De cette manière, le cadre dominant au sein du DAF s'est concentré sur les « réponses aimantes » en tant que stratégie visant à encourager des formes coopératives et non oppressives de changement social en période d'incertitude. Il trouve des échos dans le travail de l'éducatrice Sarah Jaquette Ray, qui recommande d'adopter une attitude de « curiosité, de flexibilité et de respect » (p.99) et de cultiver une « curiosité compatissante » (p.110) pour créer des alliances entre groupes sociaux autour de l'action contre le changement climatique, et pour s'appuyer sur l'anxiété climatique de manière constructive et non polarisante. Mais surtout, Ray insiste sur la nécessité de « faire du changement climatique une question de justice sociale, et de reconnaître que notre position dans la société — notre accès relatif au pouvoir et aux privilèges — affecte la façon dont nous définissons et ressentons [les implications de] ces questions » (p.106) – ce qui représente une perspective qui n'a émergé que tardivement dans le DAF. Ray valide aussi explicitement les sentiments de colère face à l'injustice et à l'oppression, mais appelle à la coopération et à la construction de communautés en dépit de ces émotions fortes :
C'est là le véritable défi : faire de la place à la fois pour la colère justifiée, et pour la compassion curieuse. (p.109)

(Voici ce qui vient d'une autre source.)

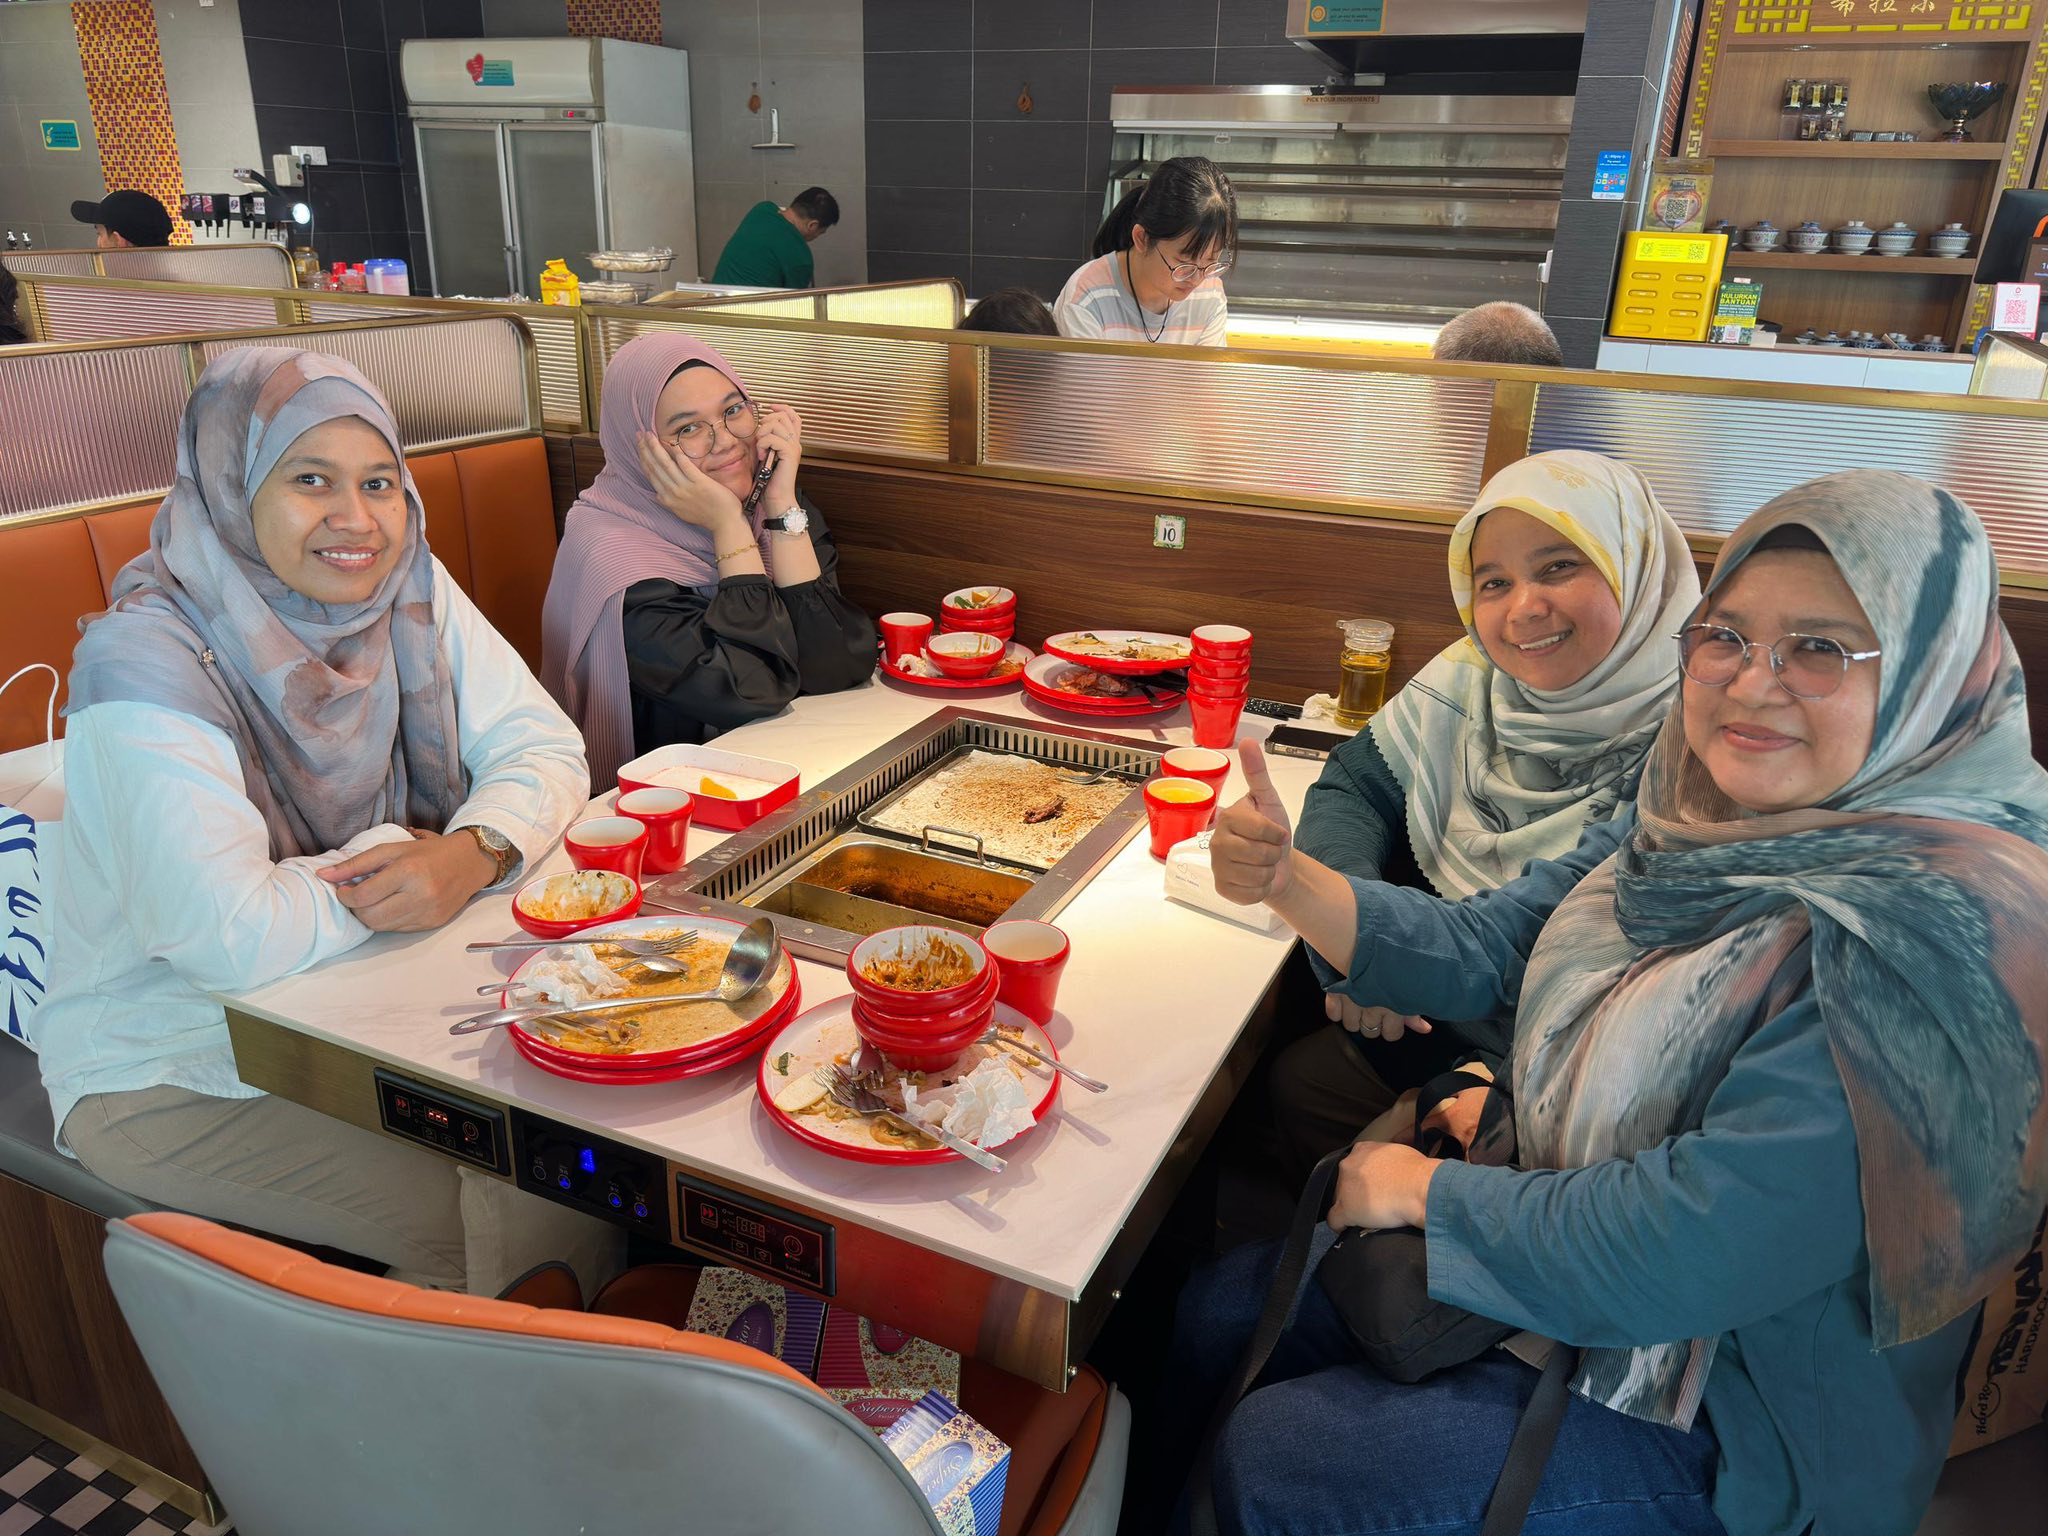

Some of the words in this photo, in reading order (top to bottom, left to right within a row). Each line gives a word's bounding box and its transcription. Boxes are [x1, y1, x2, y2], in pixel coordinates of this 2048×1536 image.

[1719, 298, 1757, 306] BANTUAN
[1721, 292, 1758, 301] HULURKAN
[1162, 527, 1176, 542] 10
[2014, 1288, 2048, 1374] HARDROC
[851, 1401, 911, 1420] Superio
[897, 1421, 911, 1434] 70
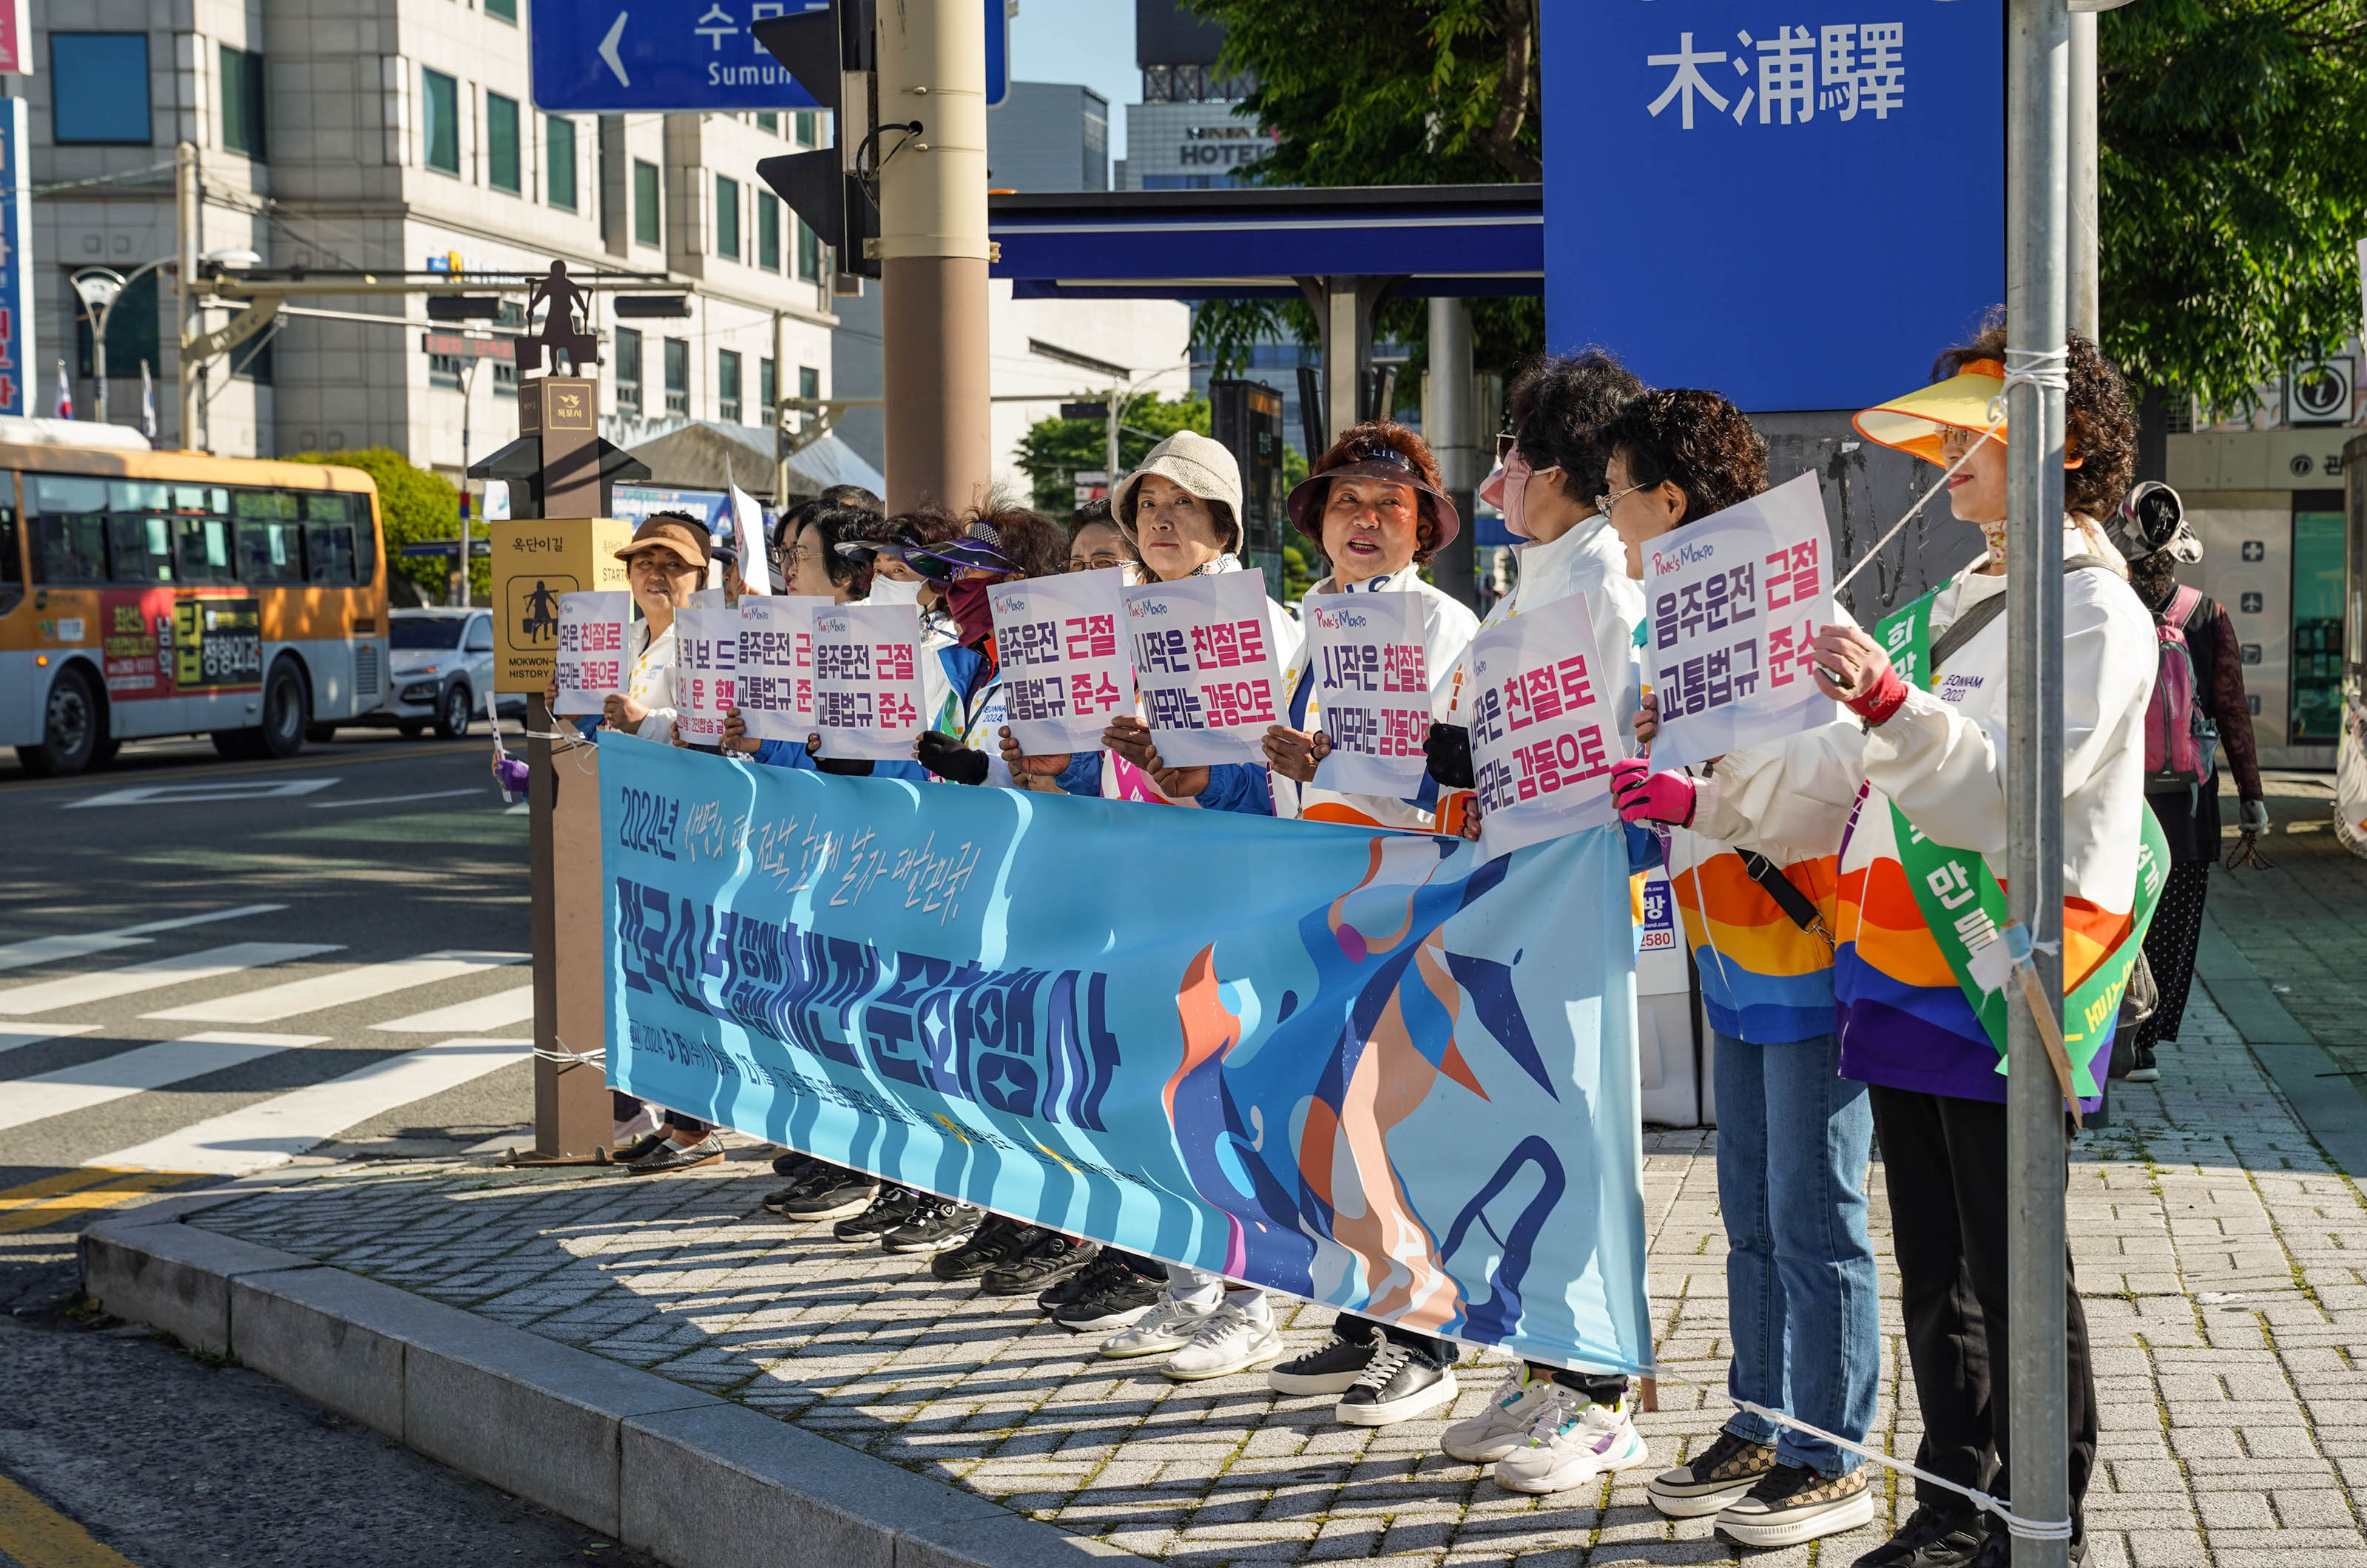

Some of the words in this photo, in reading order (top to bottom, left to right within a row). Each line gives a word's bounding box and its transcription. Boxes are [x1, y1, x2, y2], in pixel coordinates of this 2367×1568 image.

Pour que les groupes et les espaces du DAF deviennent plus accueillants pour les participant·e·s issus de groupes marginalisés et motivé·e·s par des aspirations à un changement politique socialement juste, il peut être important de donner plus d'espace à la juste colère, et à la passion des gens pour la justice. De tels contenants font souvent partie de certaines méthodologies utilisées dans le cadre du DAF, telles que le Travail qui relie (Work that Reconnects).
Comme le souligne Christine Hentschel (2022), la rage et la colère « peuvent être visionnaires et créatives » et « transformées en soin, consolation, solidarité, et justice » (p.6). Ces affects ne doivent pas être invisibilisés rhétoriquement par l'intention de surmonter l'altérisation (othering).
Nelson Maldonado-Torres (2016) considère que la lutte pour transcender la séparation ontologique et le paradigme omniprésent de la guerre qui caractérisent notre époque nécessite à la fois de l'amour et de la rage. Rejetant les notions romantiques libérales de l'amour, il considère le concept d'amour décolonial de Chela Sandoval comme un élément essentiel de la décolonisation, en tant que projet politique et social.
Maldonado-Torres considère que l'amour décolonial est essentiel pour que les êtres humains retrouvent leur rôle de "nœud" d'amour et de compréhension, et pour permettre à l'amour et à la rage de cicatriser les blessures de la modernité et de la colonisation, tout en créant de nouveaux ponts entre les personnes qui ont été séparées.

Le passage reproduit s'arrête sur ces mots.